Please repeat the whole listing exactly, but leave out any picture it holds.
◇ ◇ ◇
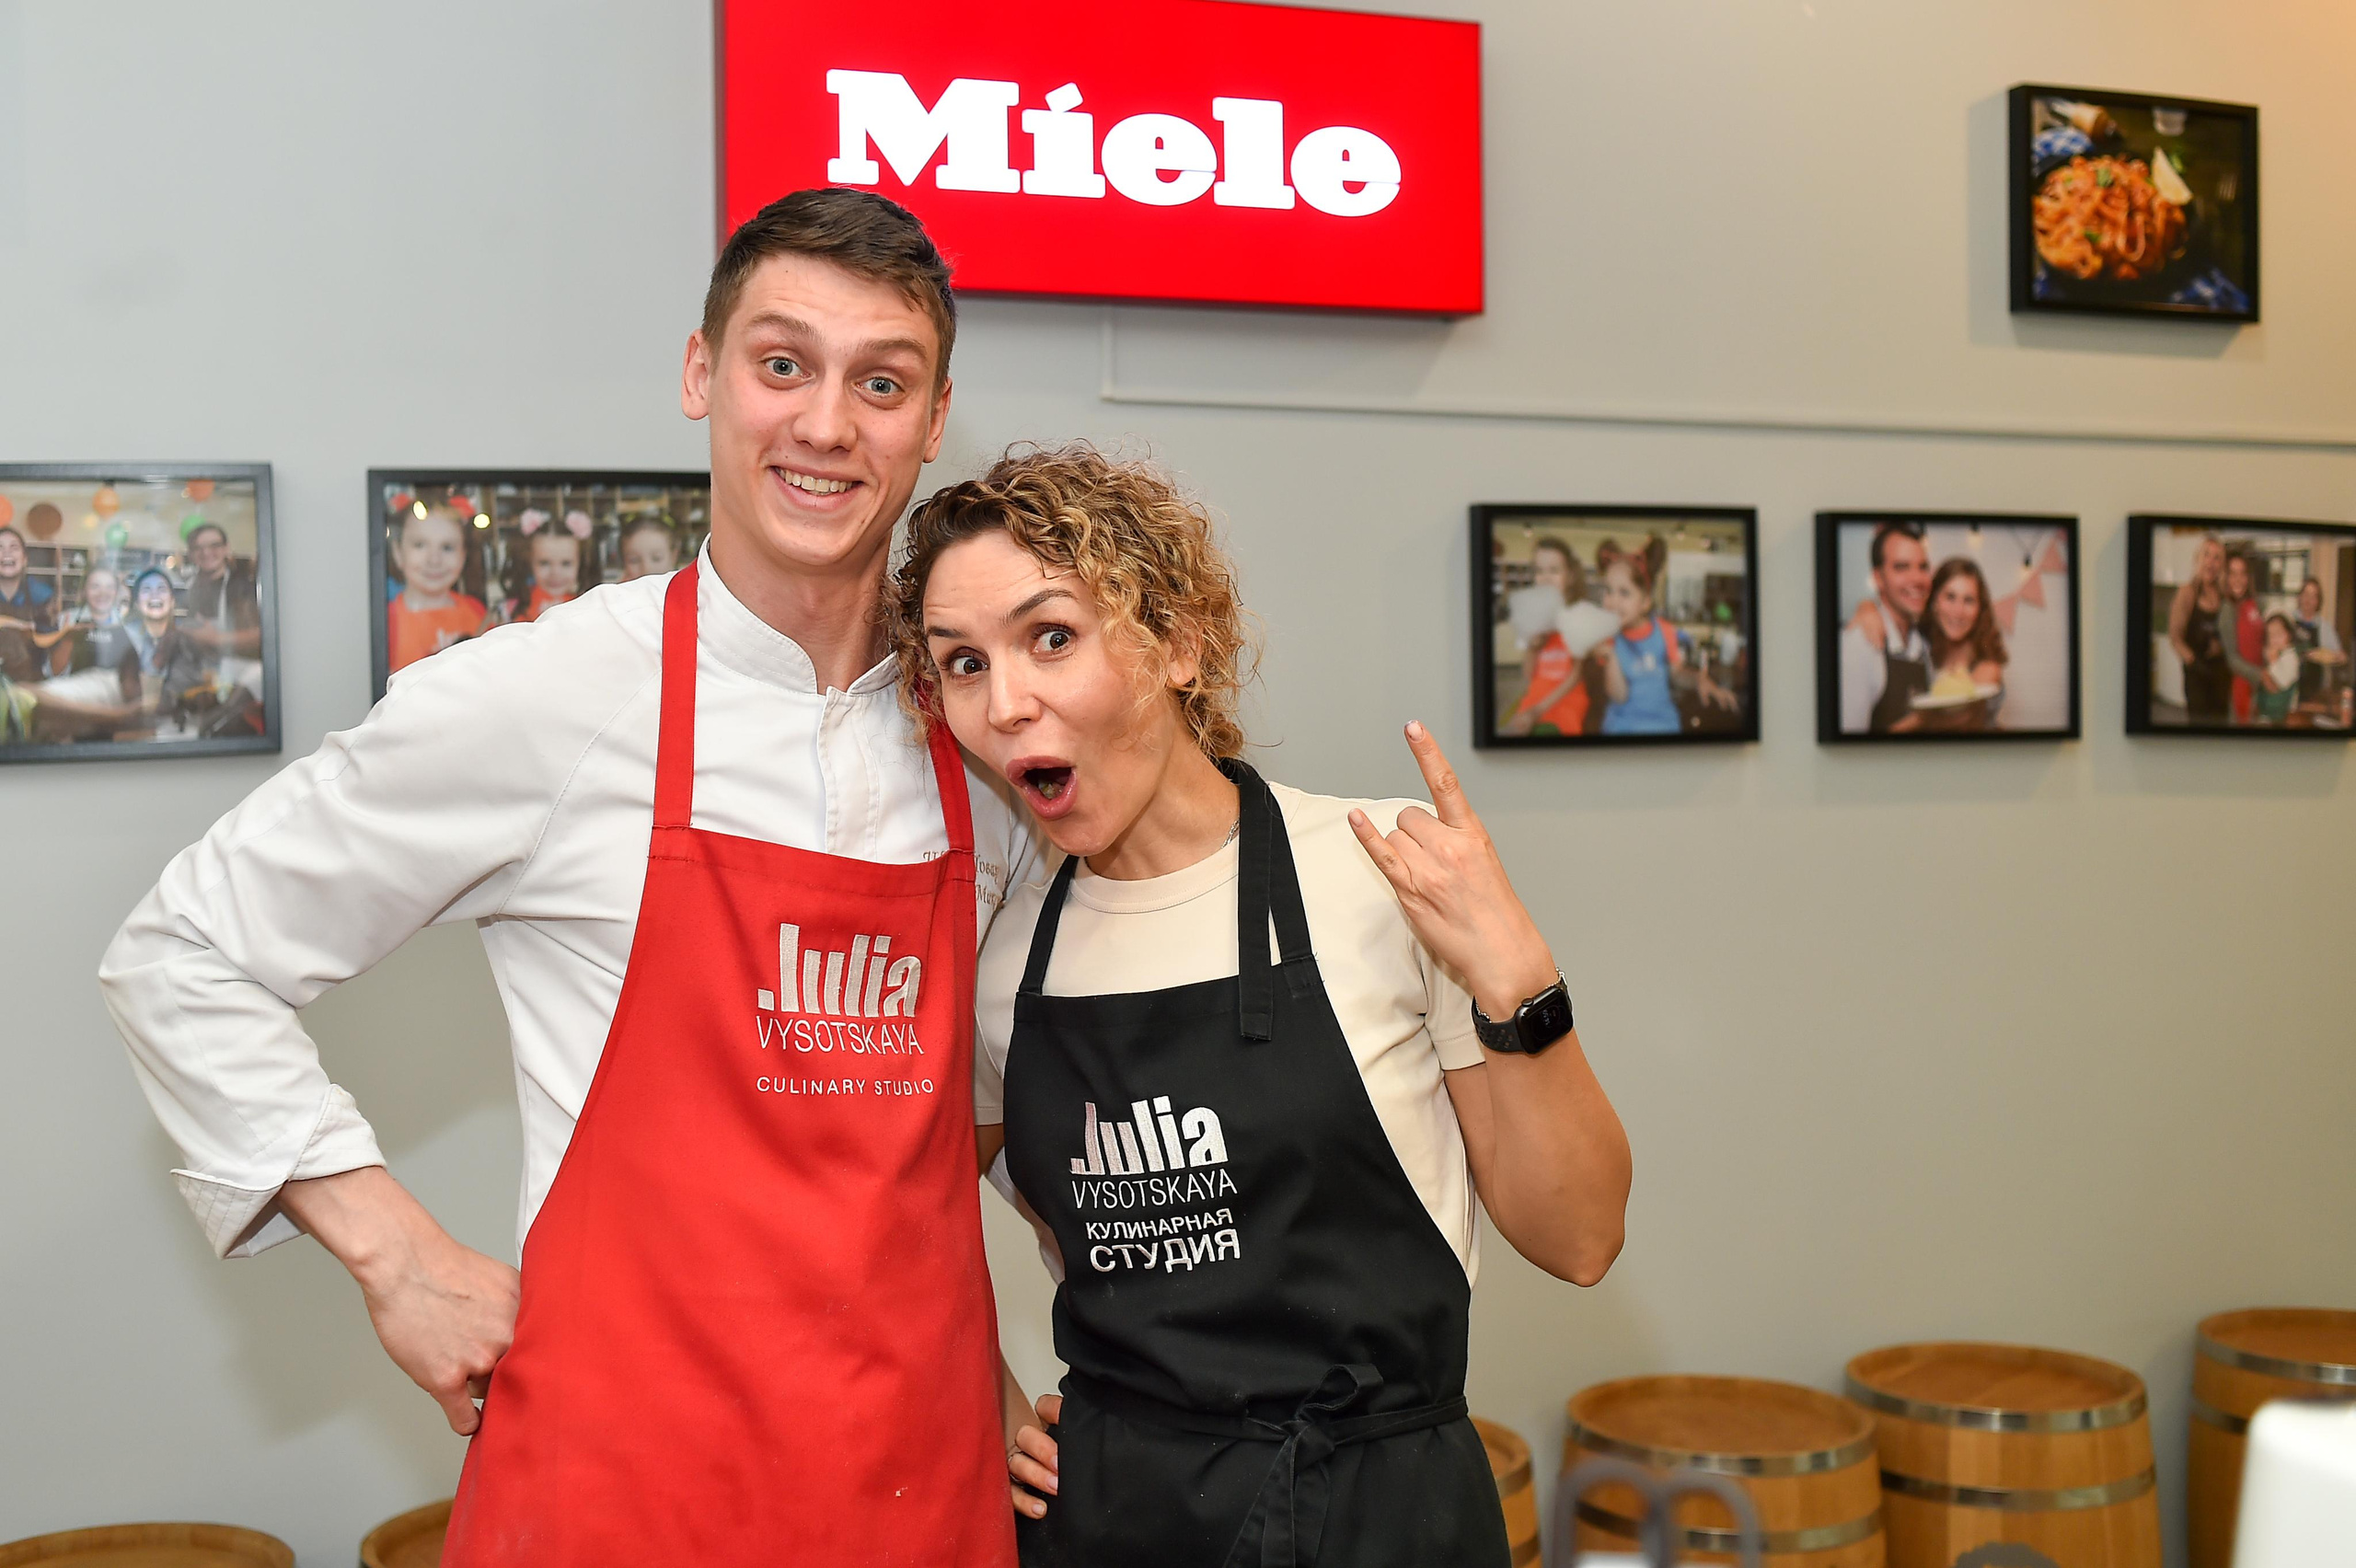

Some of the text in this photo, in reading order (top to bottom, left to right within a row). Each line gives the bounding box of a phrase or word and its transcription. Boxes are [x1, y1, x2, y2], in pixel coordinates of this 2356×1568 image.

[826, 68, 1402, 217] Miele
[757, 923, 922, 1018] Julia
[756, 1015, 925, 1055] VYSOTSKAYA
[756, 1076, 934, 1096] CULINARY STUDIO
[1069, 1095, 1229, 1176] Julia
[1071, 1168, 1238, 1209] VYSOTSKAYA
[1085, 1207, 1234, 1240] КУЛИНАРНАЯ
[1090, 1228, 1241, 1274] СТУДИЯ
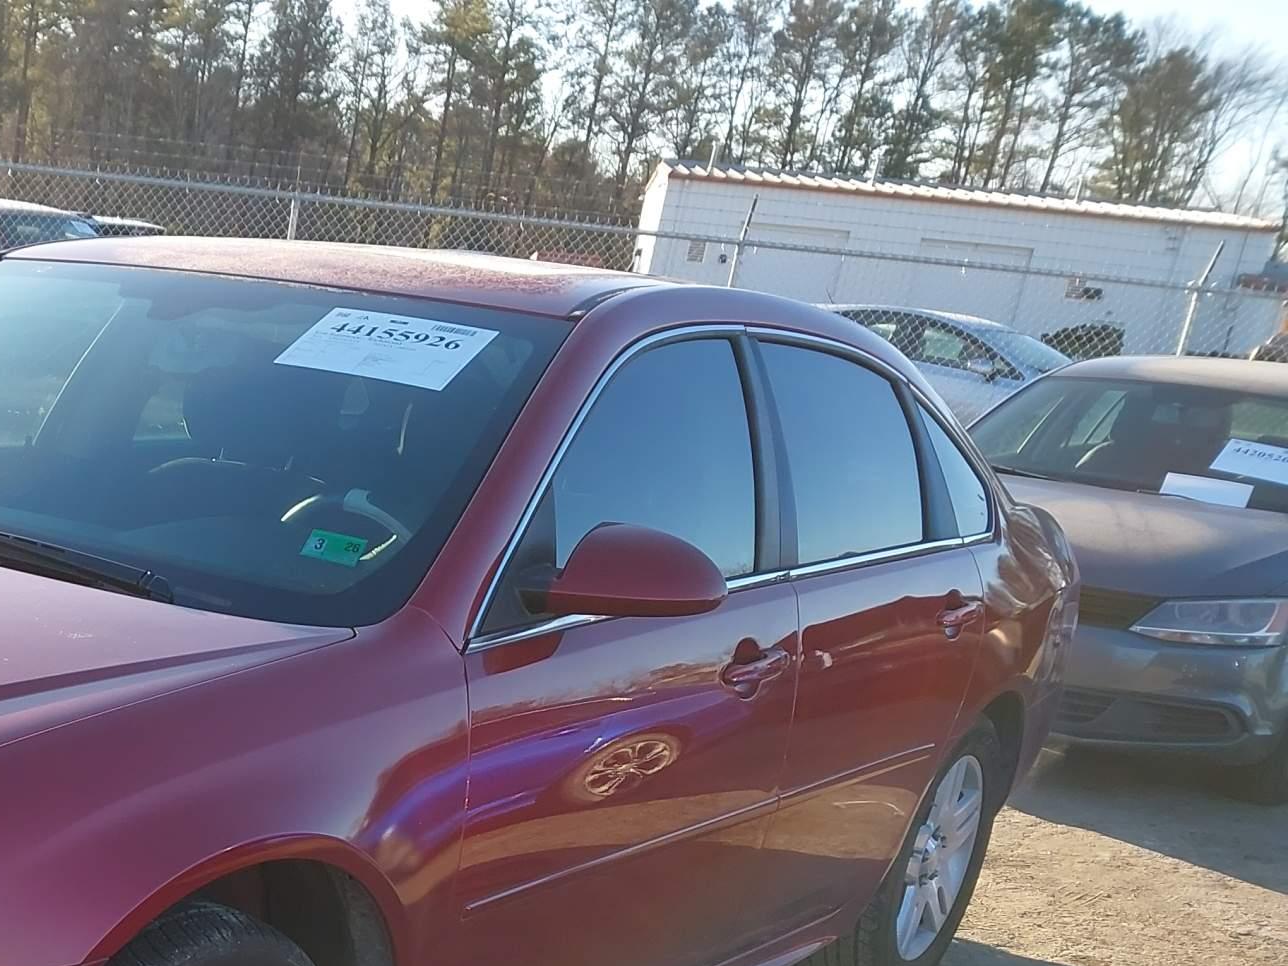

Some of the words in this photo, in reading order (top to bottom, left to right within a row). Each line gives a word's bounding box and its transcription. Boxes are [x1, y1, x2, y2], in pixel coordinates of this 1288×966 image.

[330, 322, 464, 350] 44155926
[314, 538, 325, 550] 3
[344, 542, 361, 552] 26
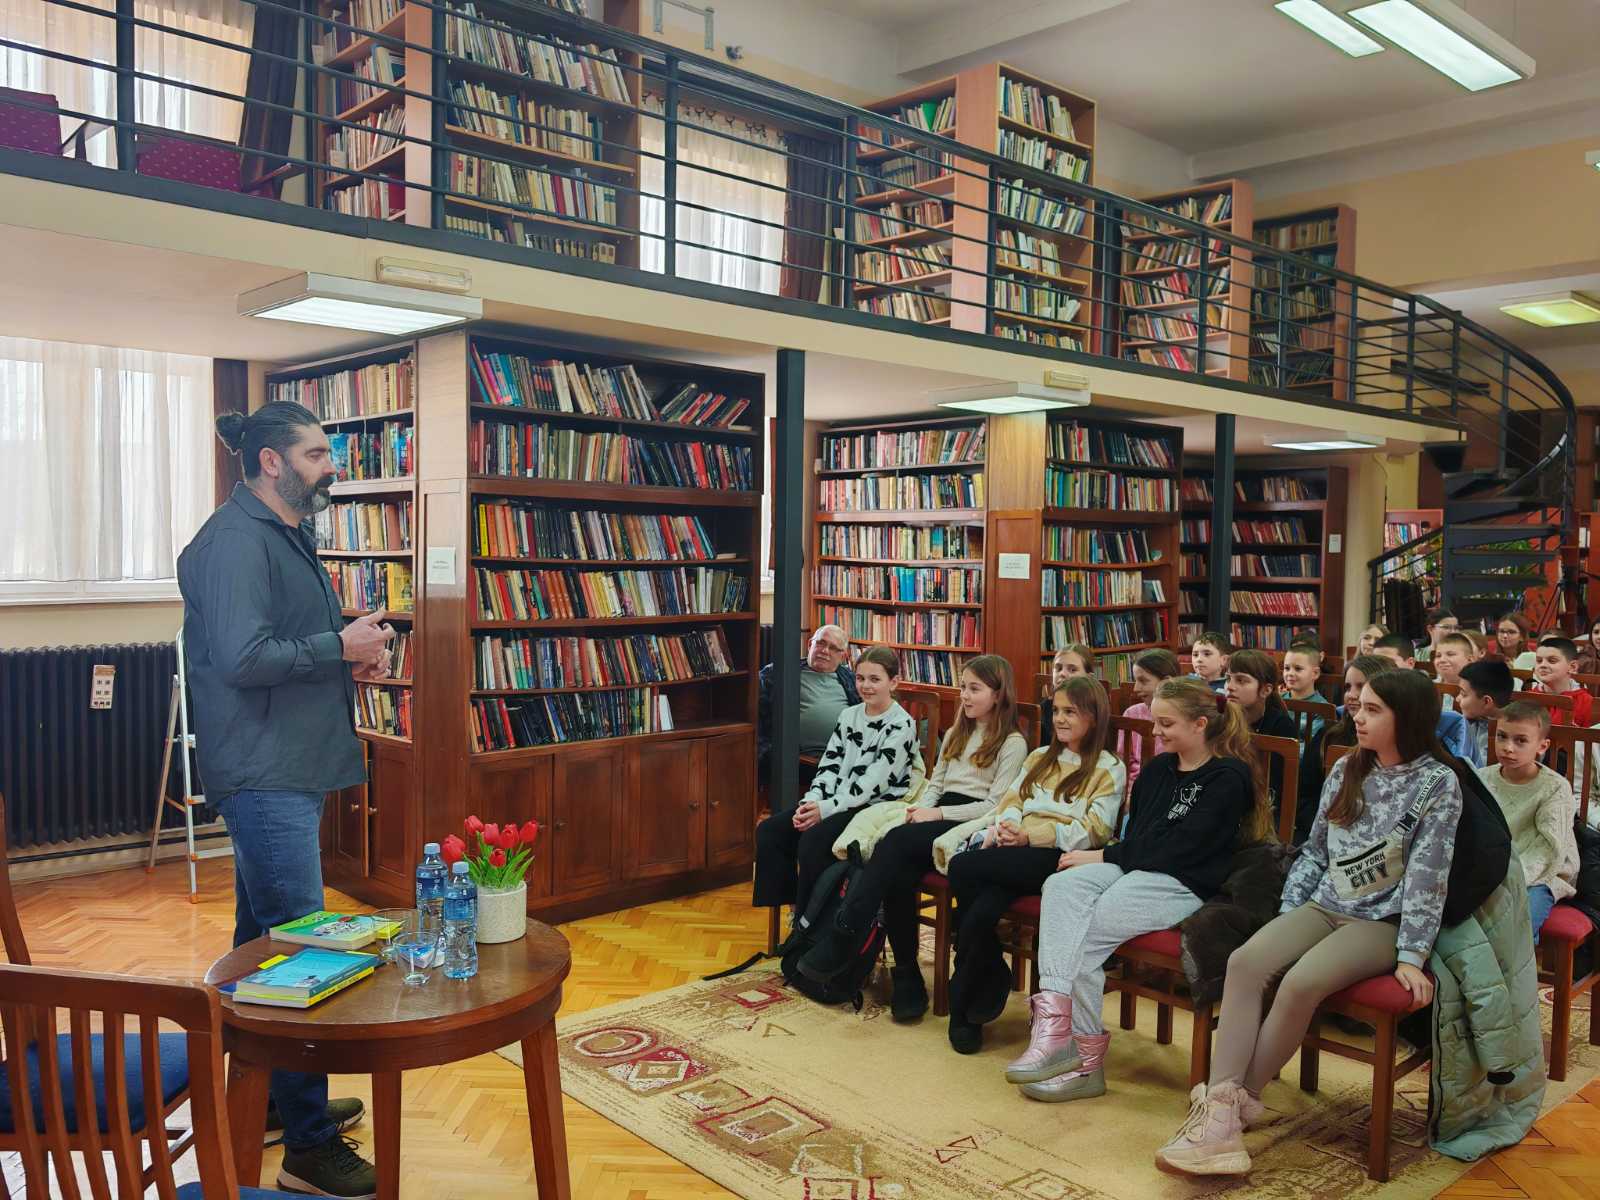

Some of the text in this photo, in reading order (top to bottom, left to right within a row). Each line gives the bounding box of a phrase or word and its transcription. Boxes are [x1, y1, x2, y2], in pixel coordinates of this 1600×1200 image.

[1344, 850, 1386, 877] NEW YORK
[1351, 861, 1389, 888] CITY
◇ ◇ ◇
#### TASK SOLUTION
Some of the text in this photo, in reading order (top to bottom, left to right within a row). Each line gives the bounding box of a phrase or word and its transcription. Boxes are [x1, y1, x2, y2], in pixel coordinates of this 2356×1568 image.

[826, 68, 1402, 217] Miele
[757, 923, 922, 1018] Julia
[756, 1015, 925, 1055] VYSOTSKAYA
[756, 1076, 934, 1096] CULINARY STUDIO
[1069, 1095, 1229, 1176] Julia
[1071, 1168, 1238, 1209] VYSOTSKAYA
[1085, 1207, 1234, 1240] КУЛИНАРНАЯ
[1090, 1228, 1241, 1274] СТУДИЯ

Some of the words in this photo, in reading order (top to bottom, left to right within a row). Each line gives a word's bounding box and its transcription. Boxes are [x1, y1, x2, y2], in pixel coordinates of this 1288×966 image.

[330, 322, 464, 350] 44155926
[314, 538, 325, 550] 3
[344, 542, 361, 552] 26

Some of the text in this photo, in reading order (top to bottom, left to right within a row). Each line gives the bounding box of a phrase or word and its transcription. Boxes are [x1, y1, x2, y2], in pixel coordinates of this 1600×1200 image.

[1344, 850, 1386, 877] NEW YORK
[1351, 861, 1389, 888] CITY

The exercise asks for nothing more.